Download or read book Difference Methods and Their Extrapolations written by G.I. Marchuk and published by Springer Science & Business Media. This book was released on 2012-12-06 with total page 342 pages. Available in PDF, EPUB and Kindle. Book excerpt: The stimulus for the present work is the growing need for more accurate numerical methods. The rapid advances in computer technology have not provided the resources for computations which make use of methods with low accuracy. The computational speed of computers is continually increasing, while memory still remains a problem when one handles large arrays. More accurate numerical methods allow us to reduce the overall computation time by of magnitude. several orders The problem of finding the most efficient methods for the numerical solution of equations, under the assumption of fixed array size, is therefore of paramount importance. Advances in the applied sciences, such as aerodynamics, hydrodynamics, particle transport, and scattering, have increased the demands placed on numerical mathematics. New mathematical models, describing various physical phenomena in greater detail than ever before, create new demands on applied mathematics, and have acted as a major impetus to the development of computer science. For example, when investigating the stability of a fluid flowing around an object one needs to solve the low viscosity form of certain hydrodynamic equations describing the fluid flow. The usual numerical methods for doing so require the introduction of a "computational viscosity," which usually exceeds the physical value; the results obtained thus present a distorted picture of the phenomena under study.

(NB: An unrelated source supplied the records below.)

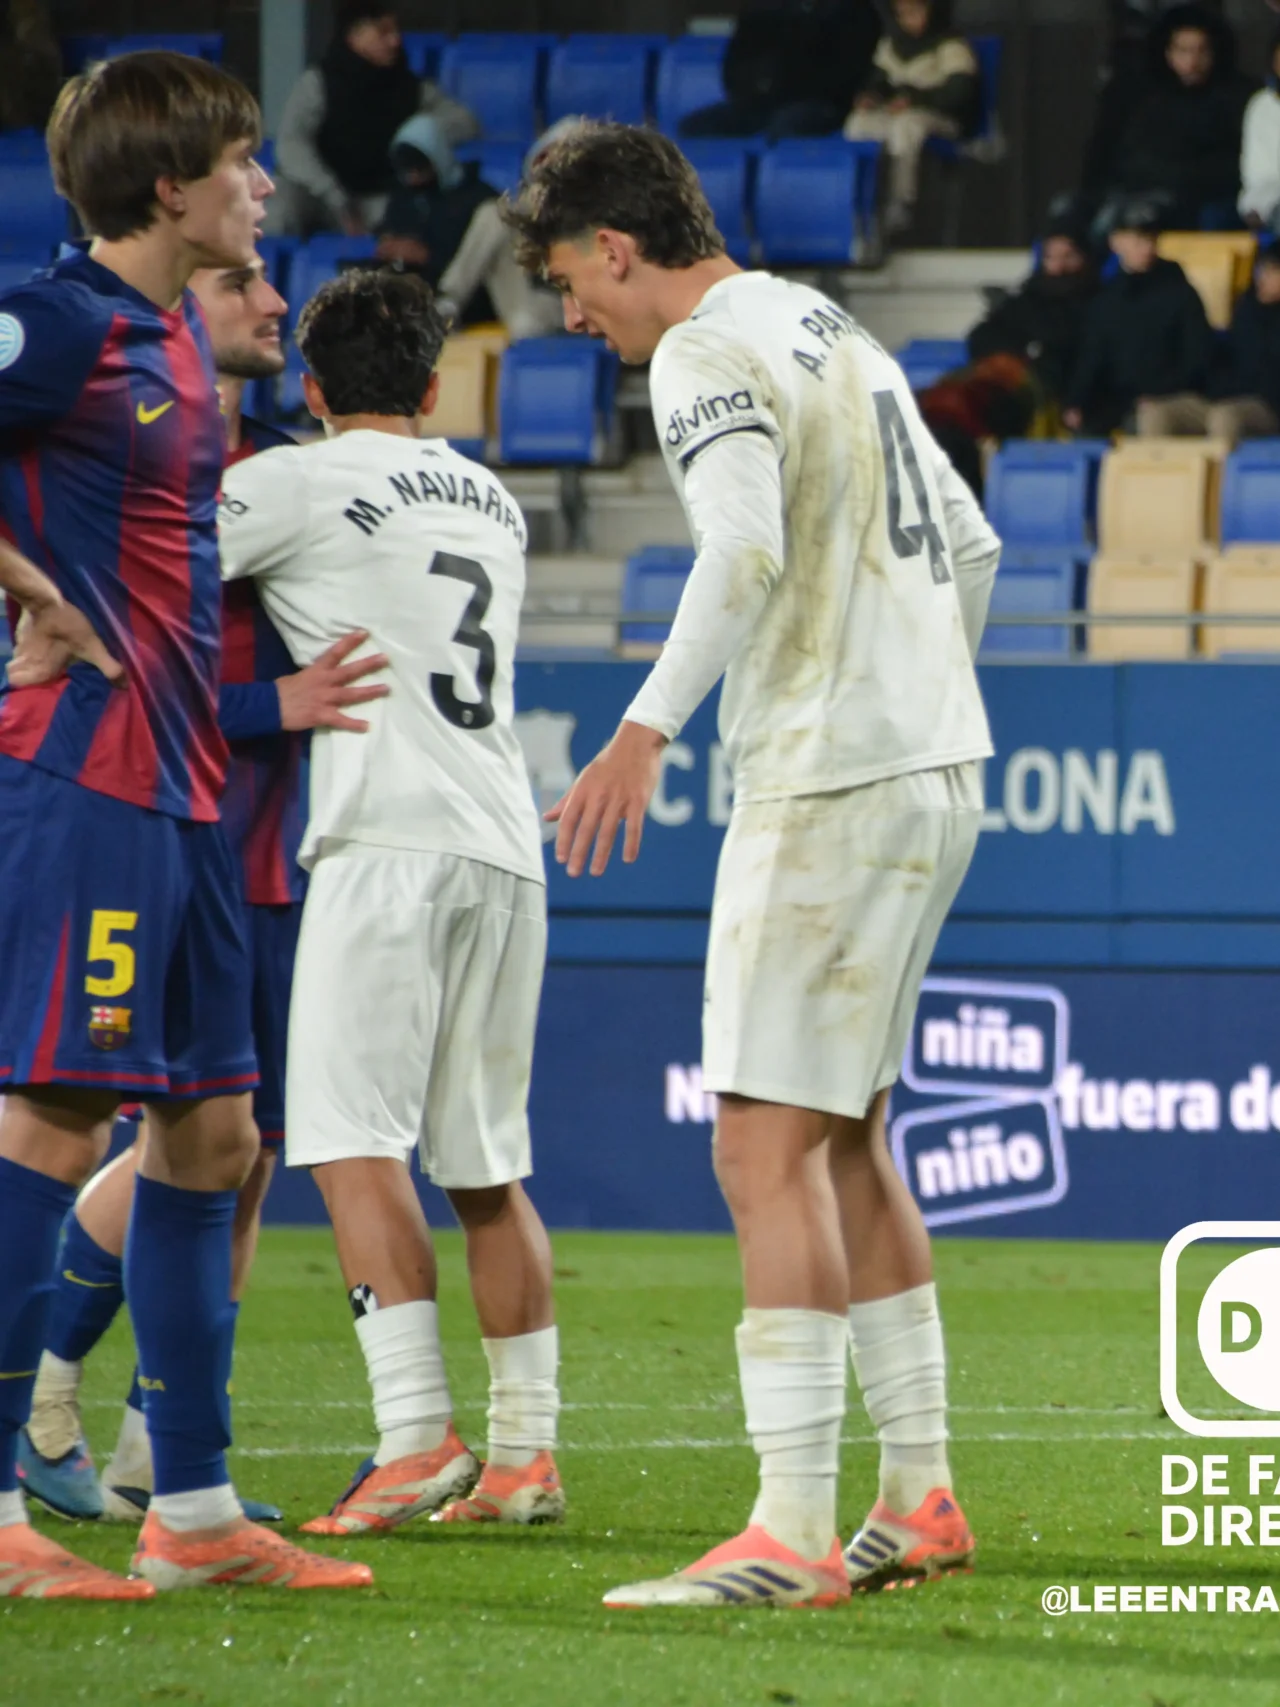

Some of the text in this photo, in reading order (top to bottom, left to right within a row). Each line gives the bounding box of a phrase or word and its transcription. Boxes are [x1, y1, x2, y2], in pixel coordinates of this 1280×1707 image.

[792, 347, 827, 382] A.
[667, 390, 755, 446] divina
[343, 471, 526, 556] M. NAVARR
[872, 389, 953, 586] 4
[427, 550, 496, 730] 3
[85, 910, 138, 996] 5
[922, 1003, 1044, 1074] niña
[1056, 1062, 1220, 1131] fuera
[916, 1122, 1044, 1198] niño

A similar situation arises in the study of behavior of the oceans, assuming weak turbulence. Many additional examples of this type can be given.
Download or read book Analytical and Numerical Methods for Pricing Financial Derivatives written by Daniel Sevcovic and published by . This book was released on 2011 with total page 0 pages. Available in PDF, EPUB and Kindle. Book excerpt: This book presents the reader with basic facts and knowledge of pricing financial derivatives. Also discussed herein is the qualitative analysis and practical methods of their pricing. The extensive expansion of various financial derivatives dates back to the beginning of seventies. The analysis of derivative securities was motivated by pioneering works due to economists Myron Scholes and Robert Merton and the theoretical physicist Fisher Black. They derived and analysed a pricing model nowadays referred to as the Black--Scholes model. The approach was indeed revolutionary as it brought the method of pricing derivative securities by means of solutions to partial differential equations.